Well, investor memang tidak bisa berpisah lama dari dolar AS. Pada pukul 09:10 WIB, Dollar Index (yang menggambarkan posisi greenback di hadapan enam mata uang utama) sudah menguat meski baru 0,02%. Sejak dini hari tadi, indeks ini masih terjebak di zona merah. 

Awalnya investor menghindari dolar AS karena rilis data yang kurang oke di Negeri Paman Sam. Kementerian Perdagangan AS melaporkan penjualan ritel pada September mencatatkan pertumbuhan 0,1% month-to-month (MtM), meleset dari konsensus Reuters yang mengestimasikan kenaikan sebesar 0,6% MtM. Adapun secara year-on-year (YoY), pertumbuhan penjualan ritel mencapai 4,7% pada September, melambat cukup drastis dari 6,6% pada Agustus. 

Namun ternyata masih banyak risiko di perekonomian global yang gagal membuat pelaku pasar move on dari dolar AS. Di Eropa saja setidaknya ada dua risiko besar. 

Pertama adalah di Italia. Pemerintah Italia sudah mengesahkan anggaran negara 2019 dengan defisit mencapai 2,4% dari Produk Domestik Bruto (PDB). Membengkak tiga kali lipat dari rencana awal yaitu 0,8% PDB. 
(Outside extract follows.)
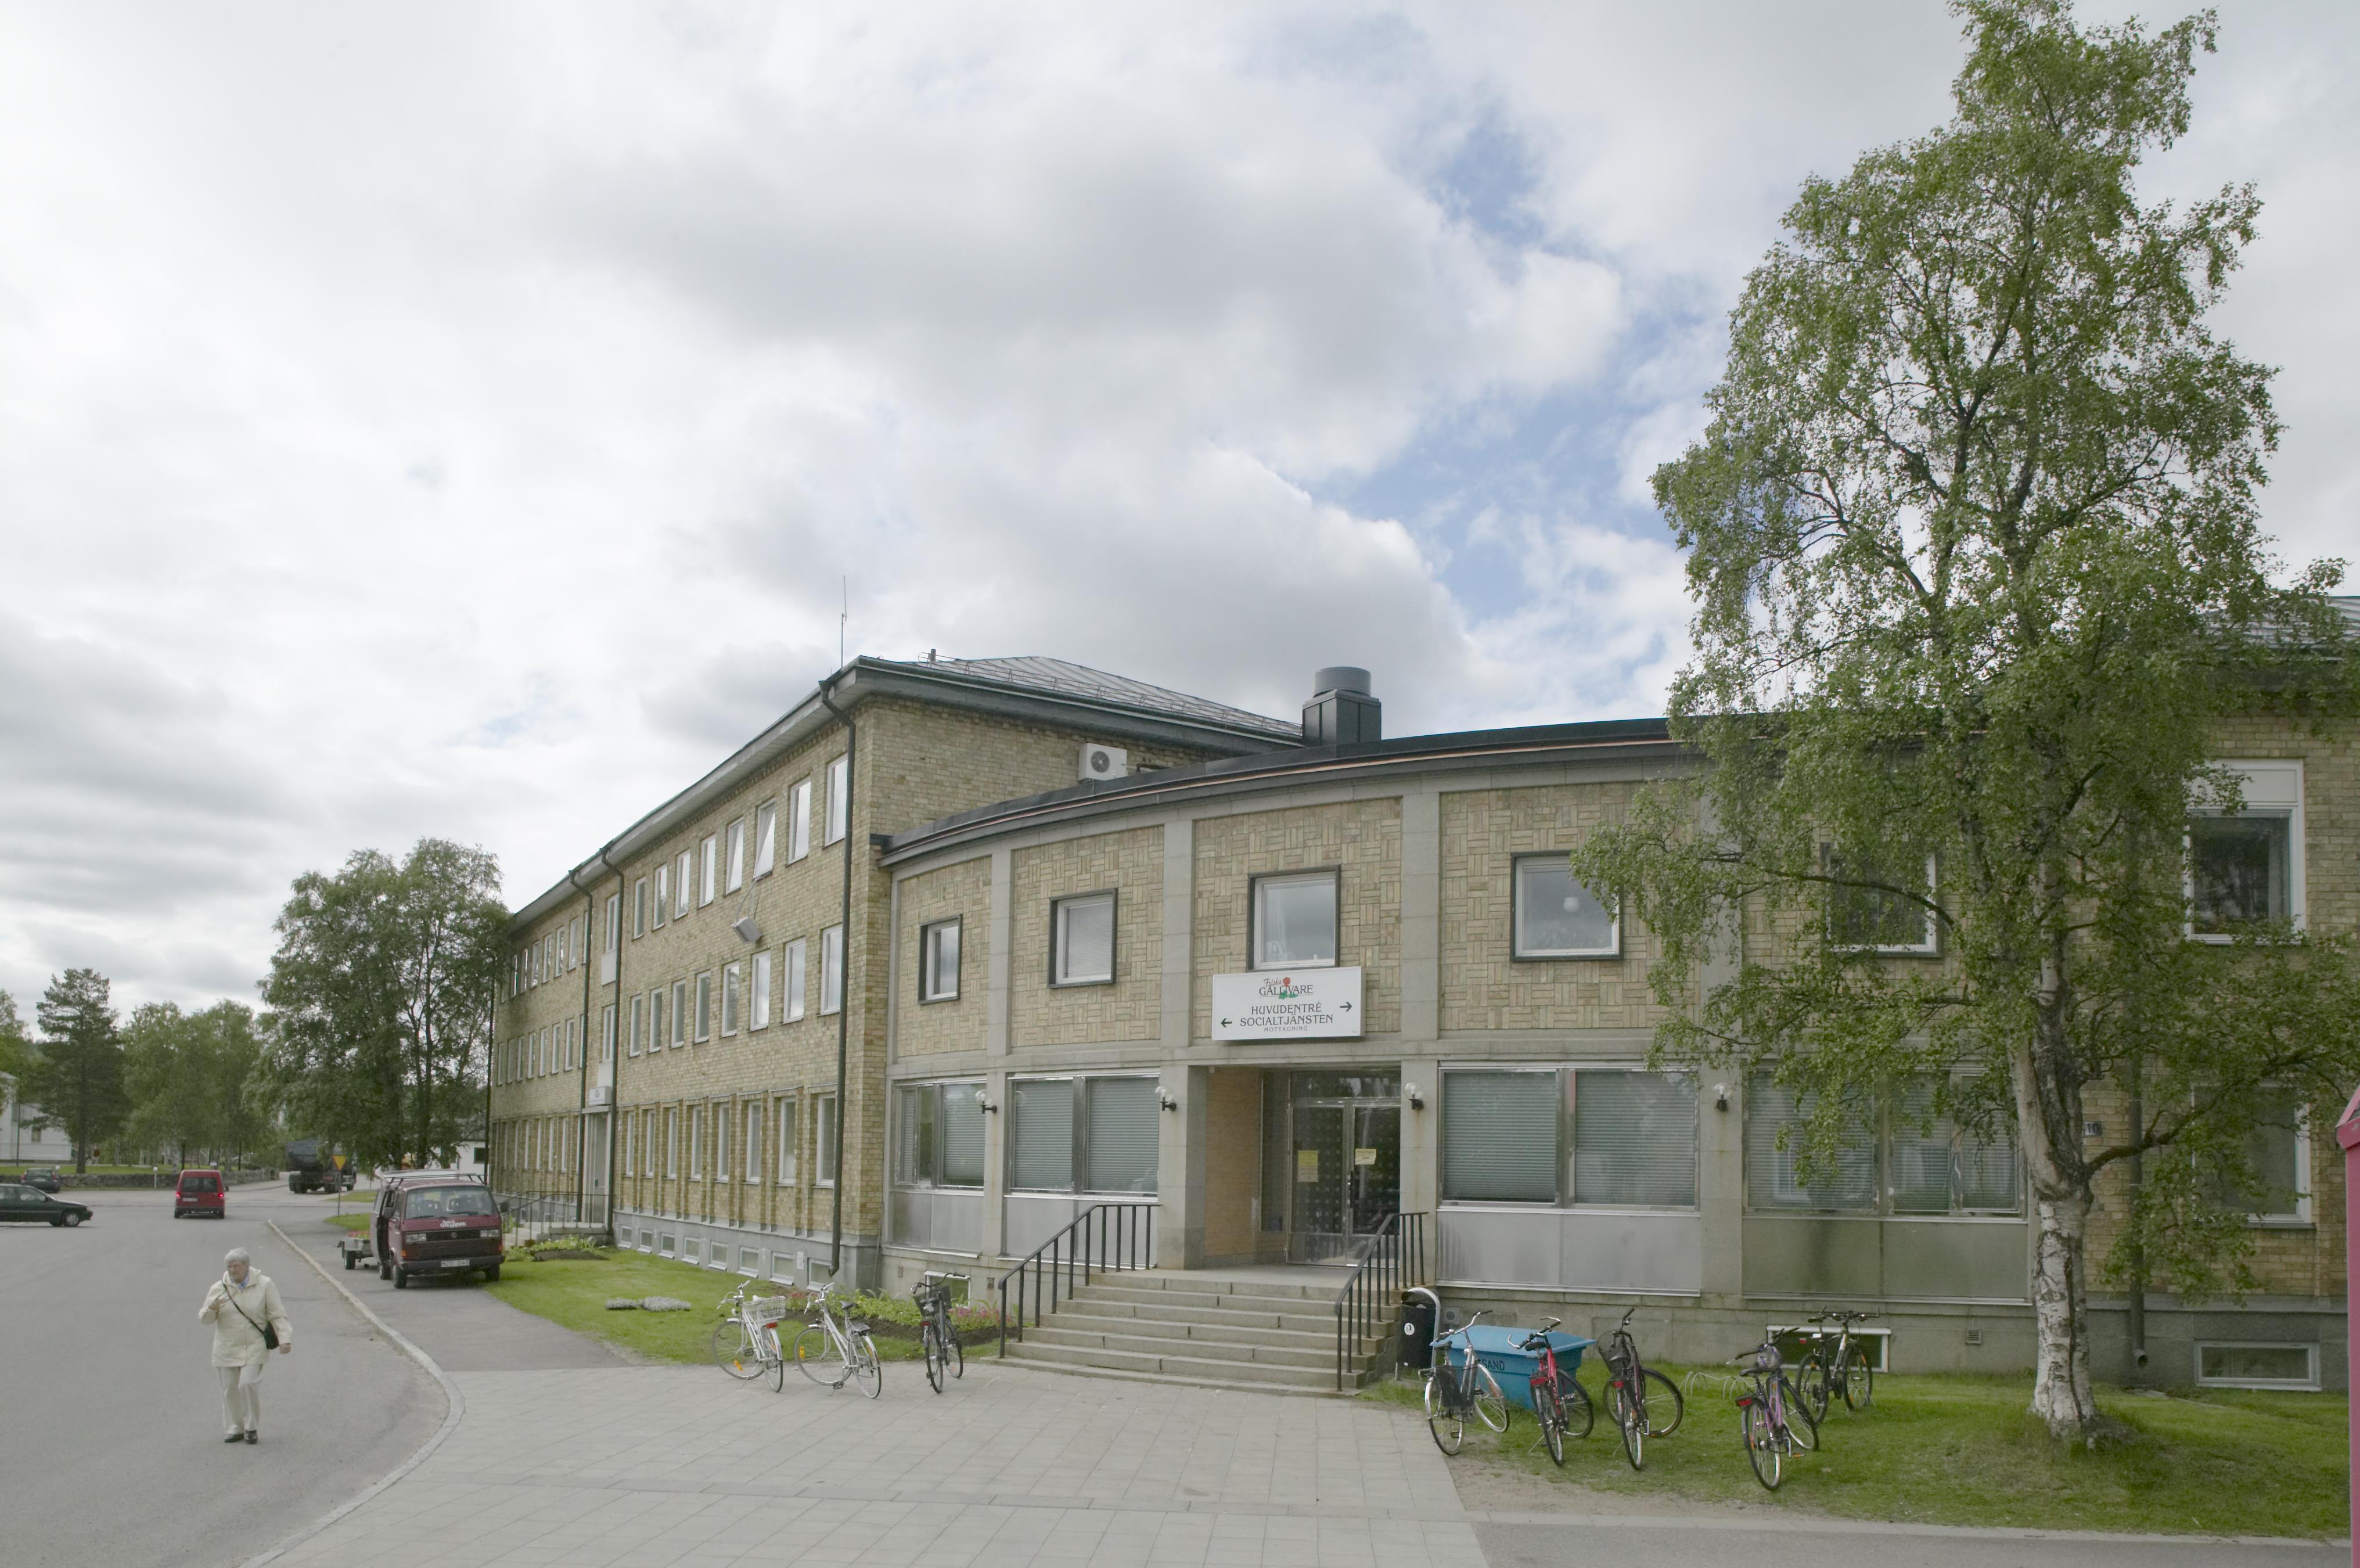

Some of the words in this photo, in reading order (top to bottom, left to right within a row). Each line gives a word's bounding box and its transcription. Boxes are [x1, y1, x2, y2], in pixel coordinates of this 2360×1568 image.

[1264, 977, 1282, 987] Friska
[1251, 1002, 1322, 1015] HUVUDENTRÉ
[1240, 1013, 1333, 1027] SOCIALTJÄNSTEN
[1481, 1359, 1505, 1371] SAND
Pemerintahan Italia yang dipimpin Perdana Menteri Guiseppe Conte memang berhaluan kanan-tengah, yang mengedepankan kebijakan populis. Untuk anggaran 2019, pemerintah Negeri Pizza berencana menambah anggaran untuk subsidi kepada rakyat miskin dan memberlakukan insentif pajak kepada wirausahawan.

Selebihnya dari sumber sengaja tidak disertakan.